La prochaine ronde de négociation visant à moderniser l'Accord de libre-échange nord-américain (ALENA) ne débutera pas ce vendredi, comme prévu à l'origine, mais dans plus de trois semaines. Ce délai met fin aux espoirs d'en arriver à un nouvel accord avant la fin de l'année, mais il ne peut qu'être bénéfique aux négociations.

Contrairement aux premières rondes, séparées par moins de 20 jours de calendrier, un plein mois s'écoulera entre la quatrième et la cinquième rencontre, qui débutera le 17 novembre prochain à Mexico. Un répit salué par plusieurs dans l'entourage des négociations, où l'on commençait à trouver le rythme essoufflant. Ce tempo, on s'en souvient, avait été dicté par la volonté américaine de régler le dossier avant la fin de l'année. Ce scénario peu plausible a définitivement été écarté la semaine dernière avec la décision de prévoir des réunions jusqu'à la fin de mars. 

Et bien que les délais soient généralement perçus comme des symptômes inquiétants, dans ce cas-ci, ils sont plutôt vus comme un signe encourageant.

«J'ai vu aujourd'hui des manifestations concrètes de bonne volonté, particulièrement de nos vis-à-vis américains», a déclaré la ministre des Affaires étrangères, Chrystia Freeland, en point de presse à Washington.

En proposant d'espacer et de prolonger le calendrier, les États-Unis ont en effet donné l'impression d'être réellement intéressés au maintien d'un ALENA. 

Cette ouverture permet aussi de penser que, contrairement à ce qu'on craignait, leurs réclamations extravagantes n'ont pas pour but premier de faire capoter les négociations.

Cette lueur d'espoir, aussi ténue soit-elle, est bienvenue dans le ciel nord-américain, qui s'est encore assombri durant la dernière ronde. La tension était palpable dans les déclarations finales, avec une ministre canadienne reprochant aux États-Unis de vouloir «reculer l'horloge de 23 ans», et un secrétaire américain au Commerce international «surpris et déçu de la résistance au changement de nos deux partenaires».

Déçu, peut-être, mais surpris? Plusieurs des demandes de «changement» présentées par les Américains durant cette ronde sont non seulement extrêmes, mais aussi inusitées en matière de libre-échange. On pense notamment à cette clause crépusculaire, par laquelle l'accord s'éteindrait automatiquement après cinq ans à moins que les trois parties en décident autrement. Et aux règles d'origine pour le secteur automobile, où Washington voudrait pousser le contenu nord-américain, déjà très élevé, à un niveau stratosphérique de 85%, et y ajouter une exigence asymétrique de 50% de contenu fabriqué aux États-Unis. Ce ne sont que quelques exemples. Malgré les progrès réalisés sur certains aspects, plusieurs des positions actuelles sont tellement éloignées qu'on n'aura pas trop des mois à venir pour trouver comment les rapprocher.

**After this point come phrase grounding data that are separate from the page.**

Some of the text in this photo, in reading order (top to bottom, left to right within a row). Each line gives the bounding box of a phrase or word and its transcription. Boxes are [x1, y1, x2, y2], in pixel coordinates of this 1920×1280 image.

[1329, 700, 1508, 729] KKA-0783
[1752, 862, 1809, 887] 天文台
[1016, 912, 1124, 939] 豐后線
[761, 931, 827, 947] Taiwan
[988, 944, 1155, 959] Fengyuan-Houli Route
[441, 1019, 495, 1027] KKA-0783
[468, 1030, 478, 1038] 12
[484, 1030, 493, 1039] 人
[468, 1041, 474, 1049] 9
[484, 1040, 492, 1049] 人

Évidemment, il est toujours possible que le président Trump mette sa menace à exécution et, en l'absence d'accord en décembre, signe le décret ordonnant la sortie de l'ALENA. Mais là encore, on a le temps de voir venir.

Personne n'est même capable de dire avec certitude comment les dominos tomberaient au terme de ce préavis de six mois. Si jamais le Congrès, qui a son mot à dire sur les enjeux de commerce international, ne s'y oppose pas devant les tribunaux, des lobbys d'affaires pourront s'en charger. Des avocats associés au Congrès et à des firmes privées planchent déjà sur des stratégies en cas de retrait présidentiel, signalait le Wall Street Journal vendredi.

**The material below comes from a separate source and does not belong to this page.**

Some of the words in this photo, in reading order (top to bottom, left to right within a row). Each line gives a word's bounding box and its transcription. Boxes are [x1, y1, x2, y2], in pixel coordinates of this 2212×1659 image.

Dans l'intervalle, l'entente aurait de bonnes chances de continuer à s'appliquer. Évidemment, ce serait un pis-aller dans un grand climat d'incertitude, d'autant qu'on n'est pas non plus certain de la marche à suivre pour que l'ancien Accord de libre-échange Canada-États-Unis (ALE) reprenne du service. N'empêche, le Canada, qui composait très bien avec le statu quo avant l'élection de Donald Trump, sera certainement capable de s'en accommoder tant que ça durera.

En attendant, le répit des prochaines semaines donnera l'occasion aux parties intéressées de se faire entendre. Et aux États-Unis, de plus en plus de voix s'élèvent dans les milieux d'affaires pour rappeler au président Trump que l'ALENA est un moteur essentiel de l'économie américaine, et qu'il serait désastreux de l'envoyer à la ferraille. Le temps joue en notre faveur, même de l'autre côté de la frontière.